Exercise goal = Could you give the entries back exactly as they stand, minus any pictures?
---- Listed records
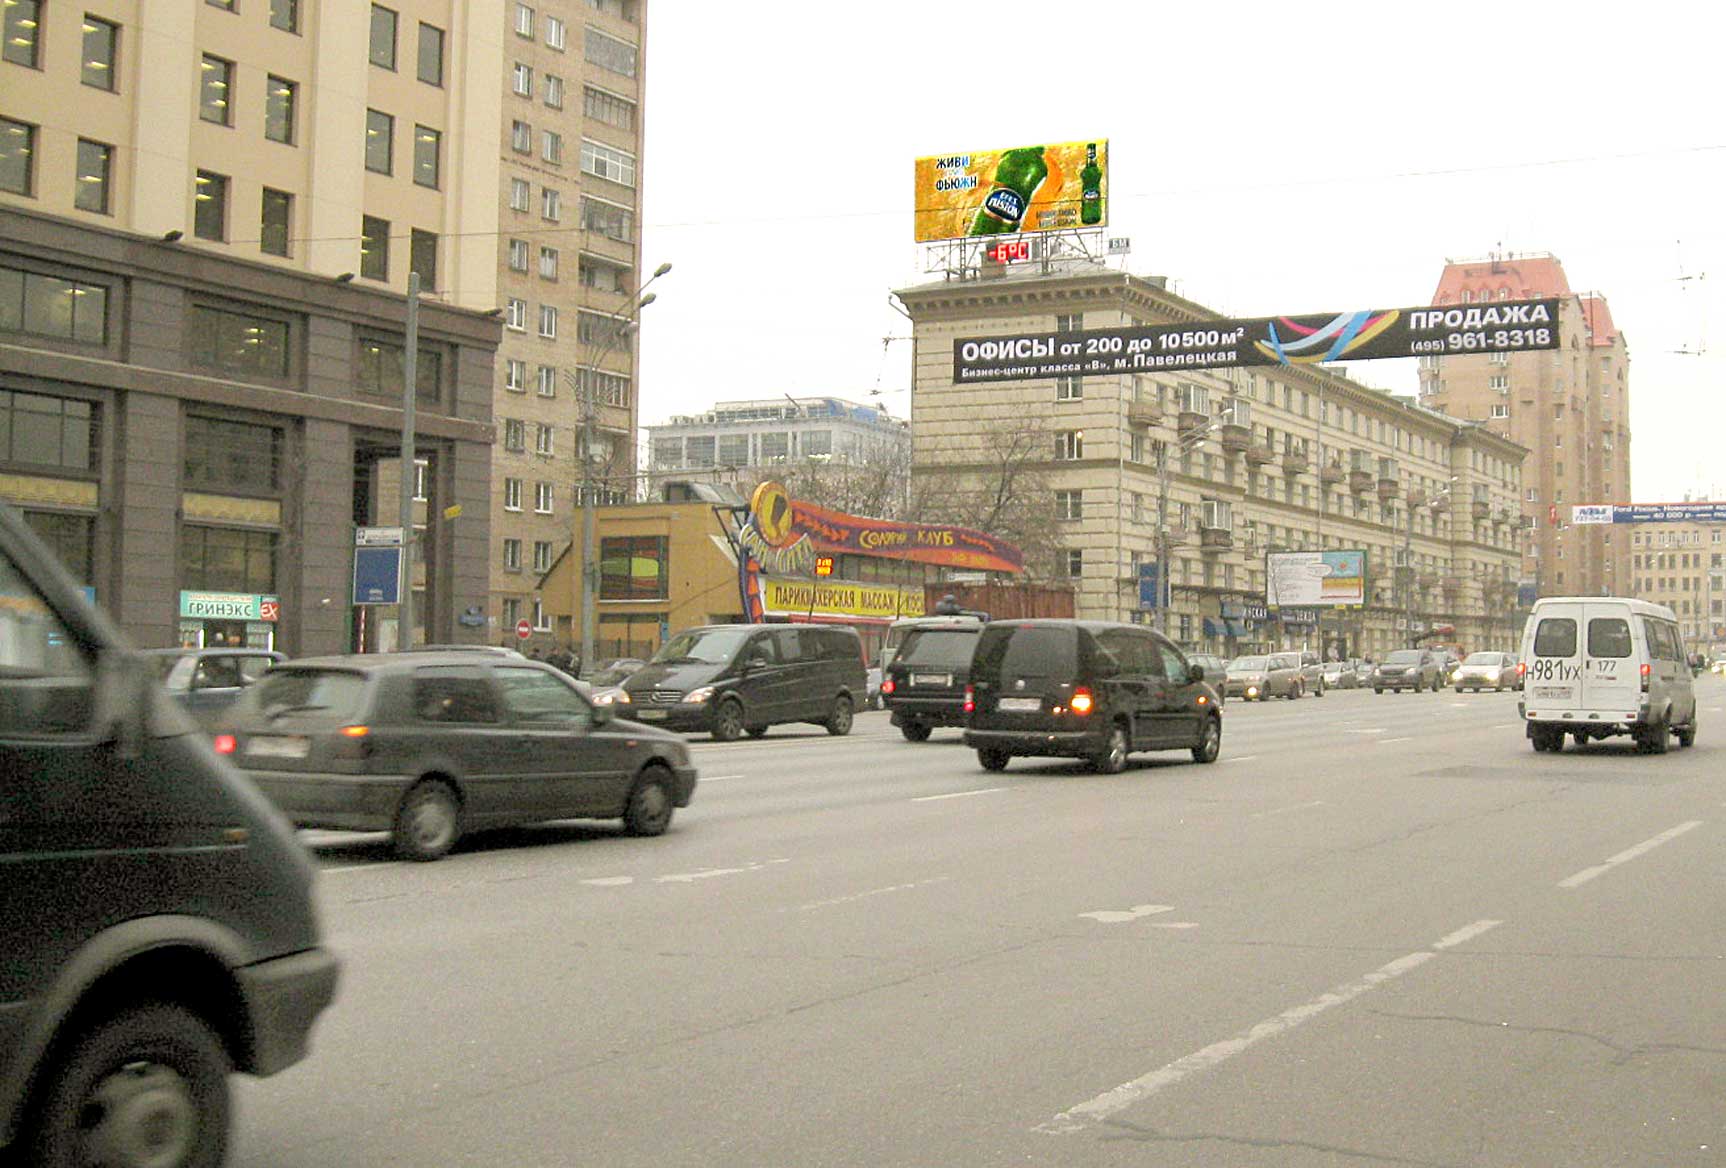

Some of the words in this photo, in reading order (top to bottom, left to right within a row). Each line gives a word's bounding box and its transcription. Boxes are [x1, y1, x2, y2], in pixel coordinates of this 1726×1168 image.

[936, 156, 969, 169] ЖИВИ
[936, 176, 977, 191] ФЬЮЖН
[1410, 304, 1550, 329] ПРОДАЖА
[1411, 339, 1445, 352] (495)
[1448, 328, 1551, 350] 961-8318
[962, 338, 1056, 361] ОФИСЫ
[1061, 343, 1082, 355] от
[1086, 338, 1122, 354] 200
[1127, 338, 1152, 353] до
[962, 366, 1037, 378] Бизнес-центр
[1041, 363, 1081, 373] класса
[775, 586, 855, 609] ПАРИКМАХЕРСКАЯ
[189, 602, 252, 616] ГРИНЭКС
[1598, 660, 1617, 672] 177
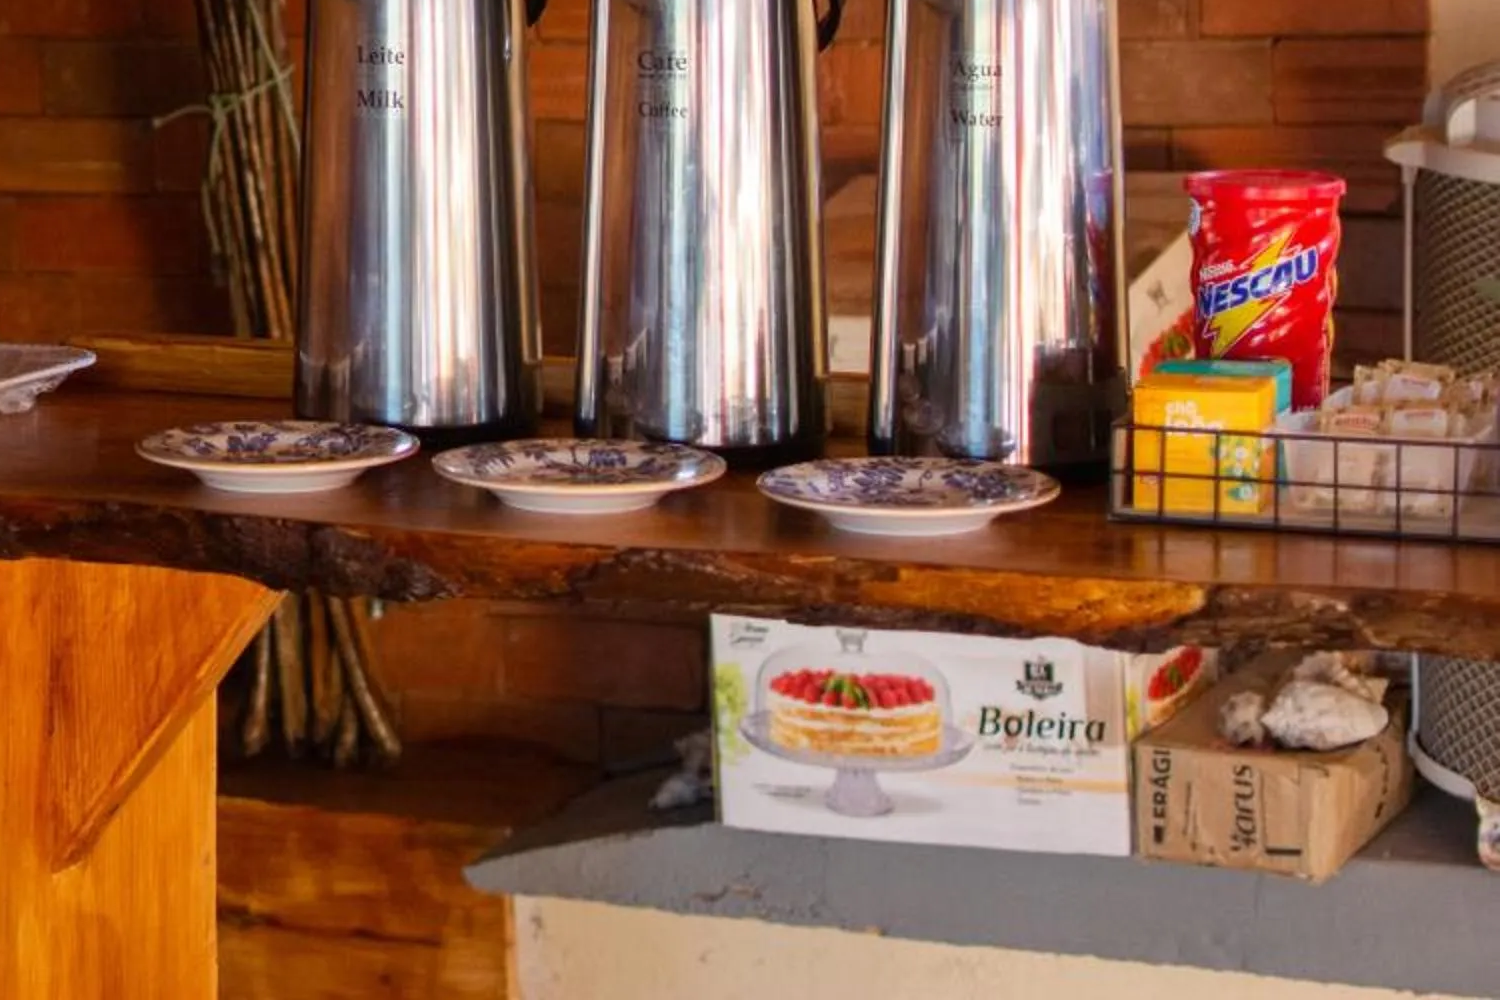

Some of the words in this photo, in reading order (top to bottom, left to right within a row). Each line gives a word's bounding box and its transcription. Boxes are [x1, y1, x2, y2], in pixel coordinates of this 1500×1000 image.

[356, 45, 405, 65] Leite
[356, 89, 405, 109] Milk
[637, 100, 688, 119] Coffee
[950, 108, 1004, 127] Water
[1197, 246, 1320, 319] NESCAU
[978, 704, 1107, 743] Boleira
[1148, 749, 1171, 819] FRÁGI
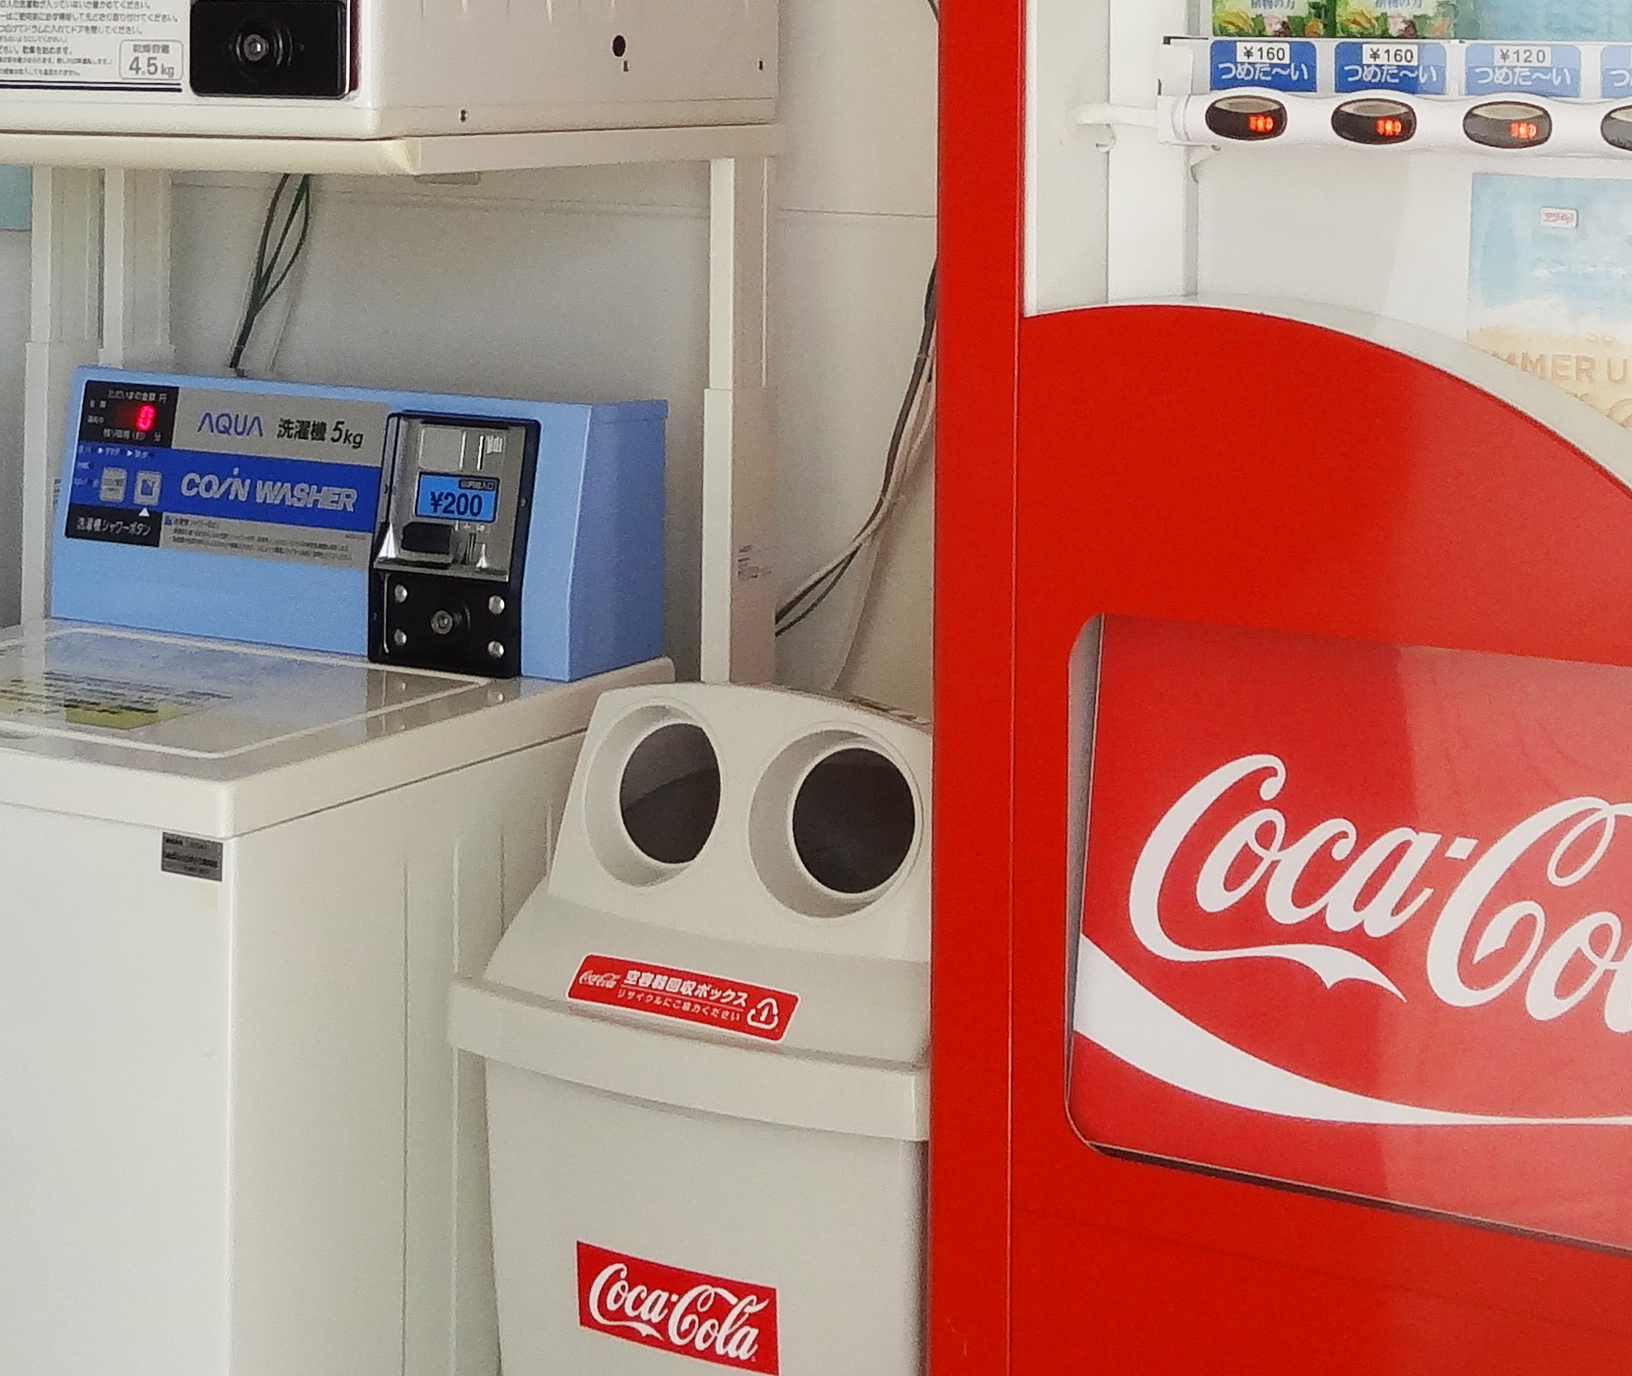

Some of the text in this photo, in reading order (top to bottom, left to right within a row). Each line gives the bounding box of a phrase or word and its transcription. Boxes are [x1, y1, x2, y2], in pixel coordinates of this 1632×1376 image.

[1243, 46, 1286, 62] ¥160
[1369, 47, 1415, 64] ¥160
[1499, 48, 1546, 64] ¥120
[136, 405, 156, 431] 0
[197, 412, 264, 437] AQUA
[277, 418, 364, 449] 洗濯機 5kg
[256, 482, 358, 512] WASHER
[430, 490, 484, 517] ¥200
[624, 969, 748, 1007] 空容器回収ボックス
[617, 989, 742, 1022] リサイクルにご協力ください
[588, 1262, 770, 1362] Coca-Cola
--------
Response to the task =
Some of the words in this photo, in reading order (top to bottom, left to right within a row). Each line gives a word's bounding box and its transcription. Boxes are [x1, y1, x2, y2], in pixel coordinates of this 1726×1168 image.

[936, 156, 969, 169] ЖИВИ
[936, 176, 977, 191] ФЬЮЖН
[1410, 304, 1550, 329] ПРОДАЖА
[1411, 339, 1445, 352] (495)
[1448, 328, 1551, 350] 961-8318
[962, 338, 1056, 361] ОФИСЫ
[1061, 343, 1082, 355] от
[1086, 338, 1122, 354] 200
[1127, 338, 1152, 353] до
[962, 366, 1037, 378] Бизнес-центр
[1041, 363, 1081, 373] класса
[775, 586, 855, 609] ПАРИКМАХЕРСКАЯ
[189, 602, 252, 616] ГРИНЭКС
[1598, 660, 1617, 672] 177

Some of the words in this photo, in reading order (top to bottom, left to right within a row). Each line gives a word's bounding box and its transcription. Boxes are [x1, y1, x2, y2], in pixel coordinates of this 1500×1000 image.

[356, 45, 405, 65] Leite
[356, 89, 405, 109] Milk
[637, 100, 688, 119] Coffee
[950, 108, 1004, 127] Water
[1197, 246, 1320, 319] NESCAU
[978, 704, 1107, 743] Boleira
[1148, 749, 1171, 819] FRÁGI

Some of the text in this photo, in reading order (top to bottom, left to right within a row). Each line gives the bounding box of a phrase or word and its transcription. Boxes are [x1, y1, x2, y2], in pixel coordinates of this 1632×1376 image.

[1243, 46, 1286, 62] ¥160
[1369, 47, 1415, 64] ¥160
[1499, 48, 1546, 64] ¥120
[136, 405, 156, 431] 0
[197, 412, 264, 437] AQUA
[277, 418, 364, 449] 洗濯機 5kg
[256, 482, 358, 512] WASHER
[430, 490, 484, 517] ¥200
[624, 969, 748, 1007] 空容器回収ボックス
[617, 989, 742, 1022] リサイクルにご協力ください
[588, 1262, 770, 1362] Coca-Cola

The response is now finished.